Pagan Kennedy writes:
“His famous memoir of depression, ‘Darkness Visible,’ came out in October 1990. It… demonstrated that patients could be the owners and describers of their mental disorders, upending centuries of medical tradition in which the mentally ill were discredited and shamed. The brain scientist Alice Flaherty, who was Mr. Styron’s close friend and doctor, has called him “the great god of depression” because his influence on her field was so profound. His book became required reading in some medical schools, where physicians were finally being trained to listen to their patients…
This past year, I have been working on an audio documentary about Mr. Styron and Dr. Flaherty (a longtime friend of mine).
Pagan Kennedy(@Pagankennedy) is the co-producer of “The Great God of Depression,” a serial podcast from PRX’s Radiotopia; the author of “Inventology: How We Dream Up Things That Change the World”; and a contributing opinion writer..

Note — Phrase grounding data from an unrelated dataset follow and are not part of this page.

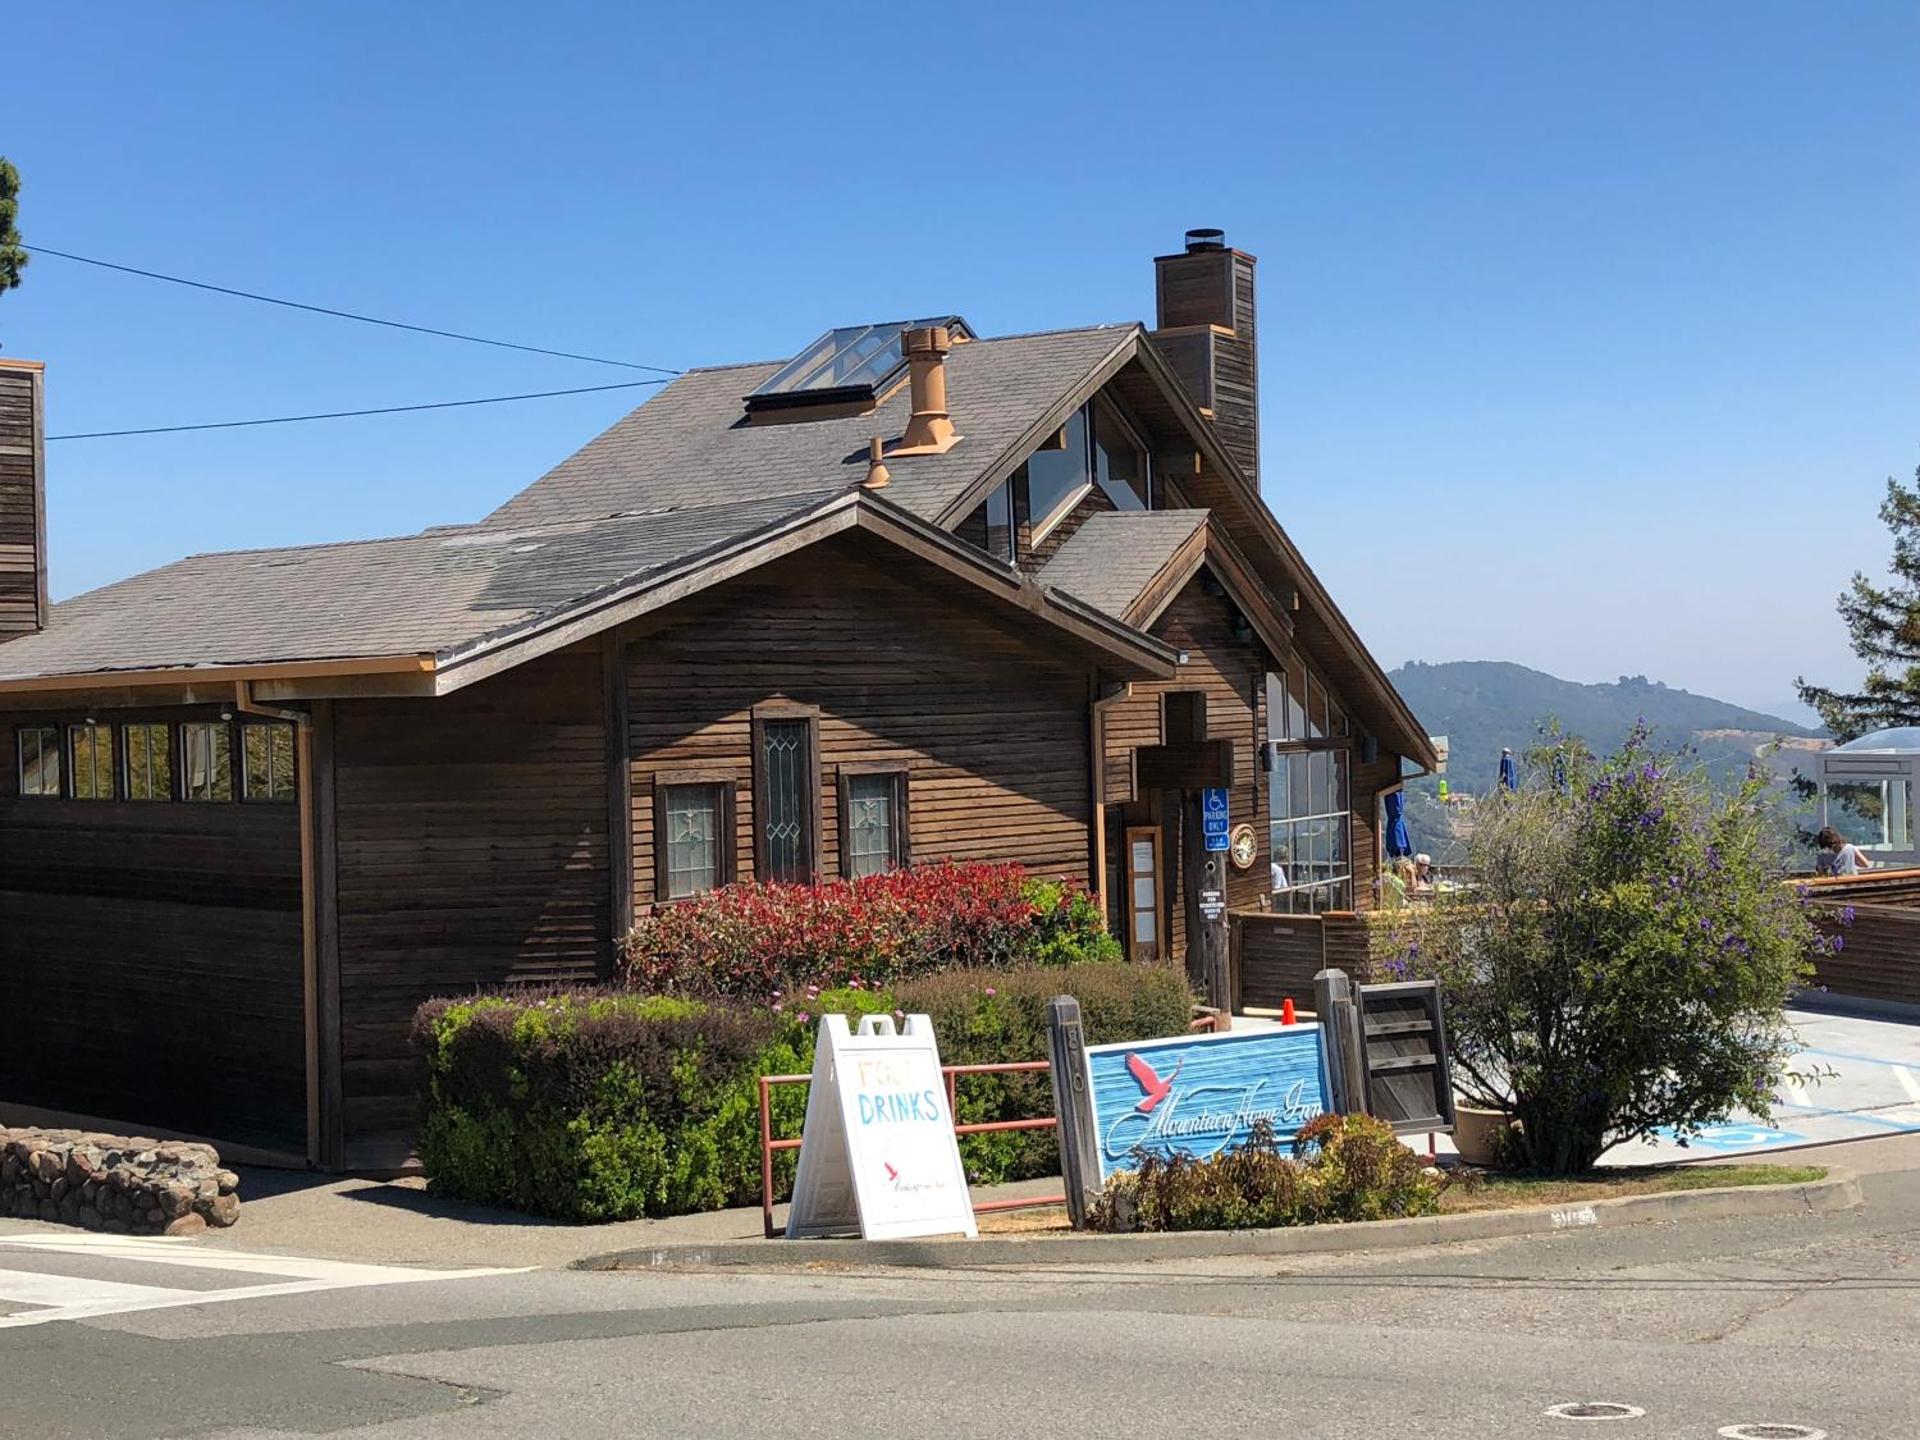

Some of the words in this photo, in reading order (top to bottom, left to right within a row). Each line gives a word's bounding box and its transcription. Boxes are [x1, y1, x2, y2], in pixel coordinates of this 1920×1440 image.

[1205, 811, 1228, 820] PARKING
[1208, 821, 1224, 832] ONLY
[858, 1090, 939, 1125] DRINKS
[1106, 1086, 1234, 1157] Mountain
[1283, 1078, 1323, 1121] Inn
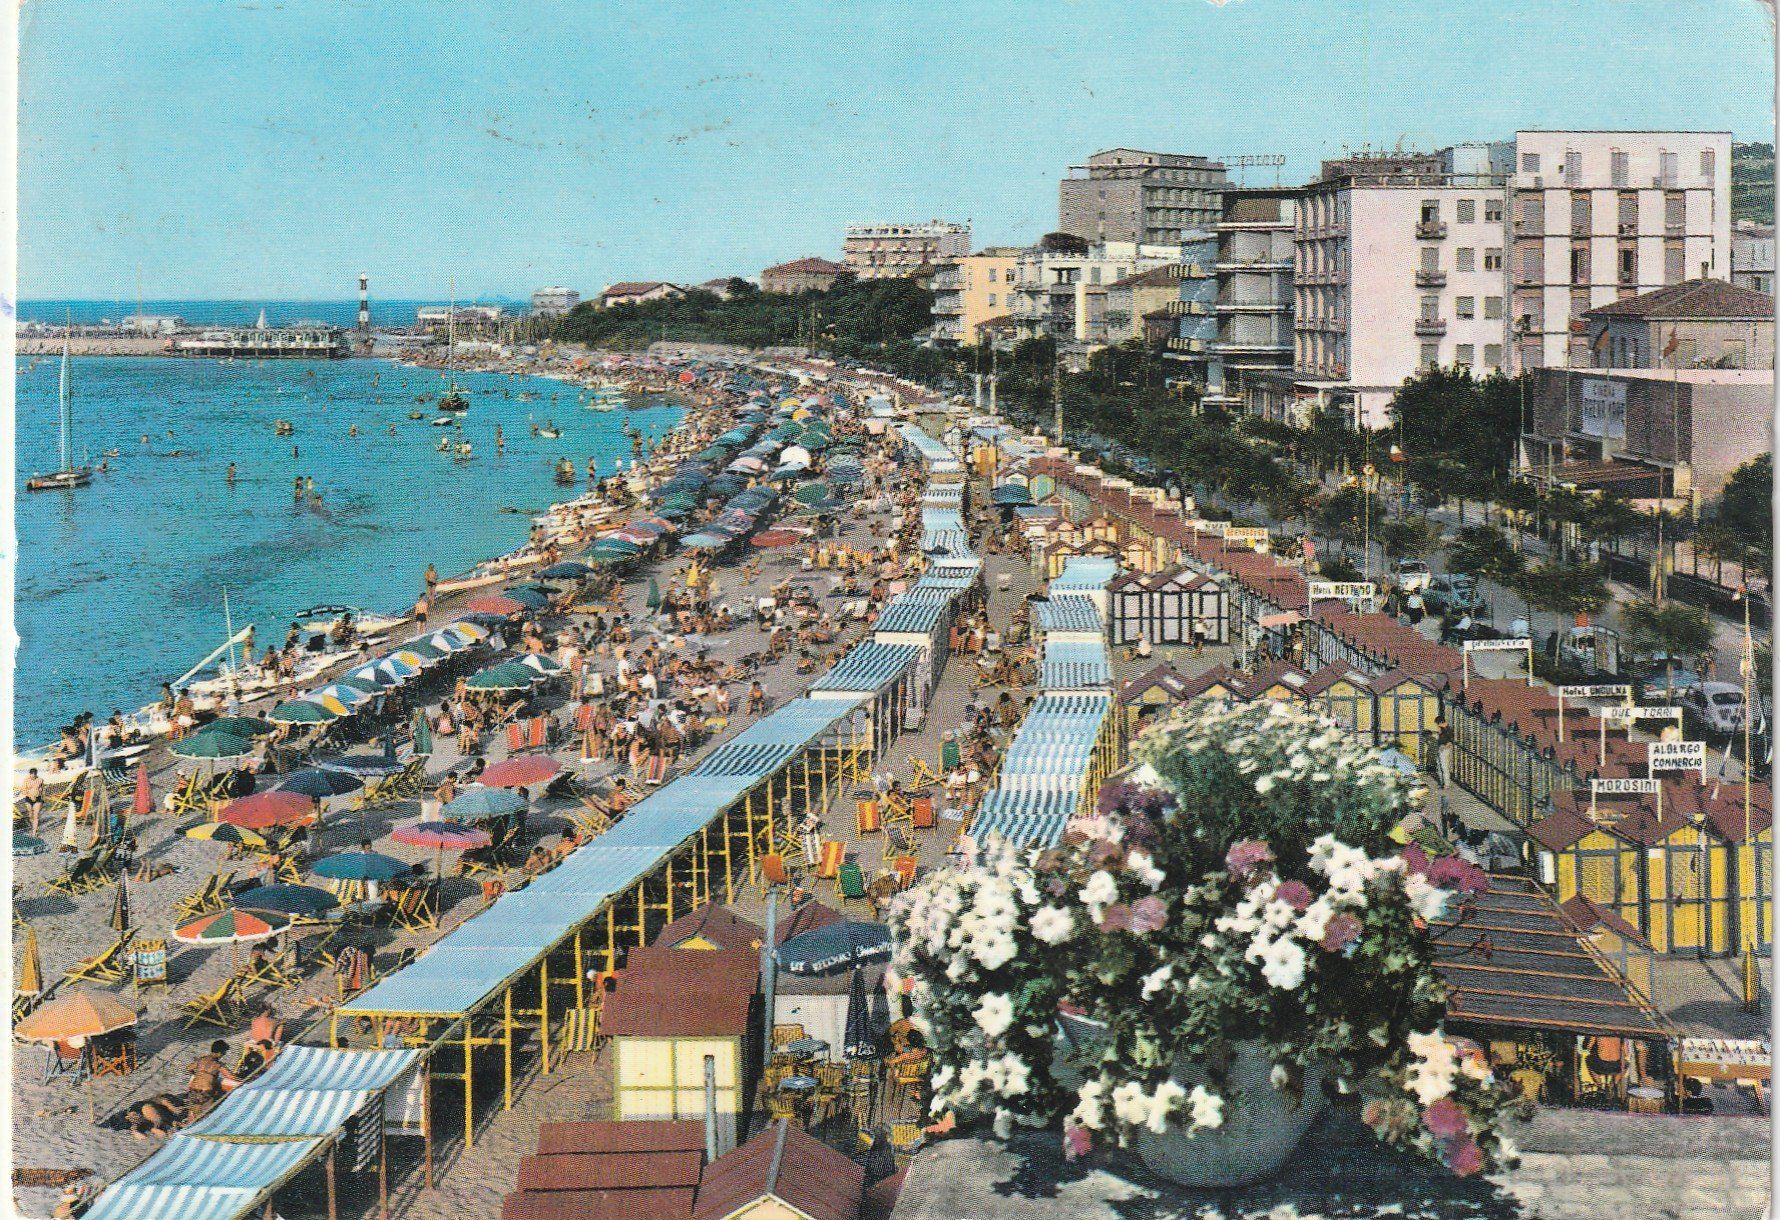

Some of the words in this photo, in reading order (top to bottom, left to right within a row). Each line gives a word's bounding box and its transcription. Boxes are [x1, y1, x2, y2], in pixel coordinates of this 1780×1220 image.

[1611, 707, 1631, 718] DUE
[1653, 743, 1700, 755] ALBERGO
[1653, 757, 1703, 769] COMMERCIO
[1596, 779, 1659, 792] MOROSINI

Darkness Visible played and evidently will continue to play a big role in the marketing of Depression. Styron makes the diagnosis classier.
The Anti-Depressant Epidemic
We tend to think of the 1990s as the Prozac Decade, but sales have continued soaring ever since. Between 1999 and 2014 antidepressant use in the US rose by 65%, according to a US Center for Disease Control and Prevention study.
By 2014 about one in eight Americans over age 12 reported recent antidepressant use. Women were about twice as likely as men to be using. A quarter of the people who had used in the past month had been on anti-depressants for 10 years or more.
When the CDC report came out, CBS news asked a New York psychiatrist named Ami Baxi to explain the steep, steady rise in anti-depressant use. Baxi credited FDA approvals for more indications and “a sign of decreasing mental health stigma,” where more people feel comfortable asking for help against depression and anxiety.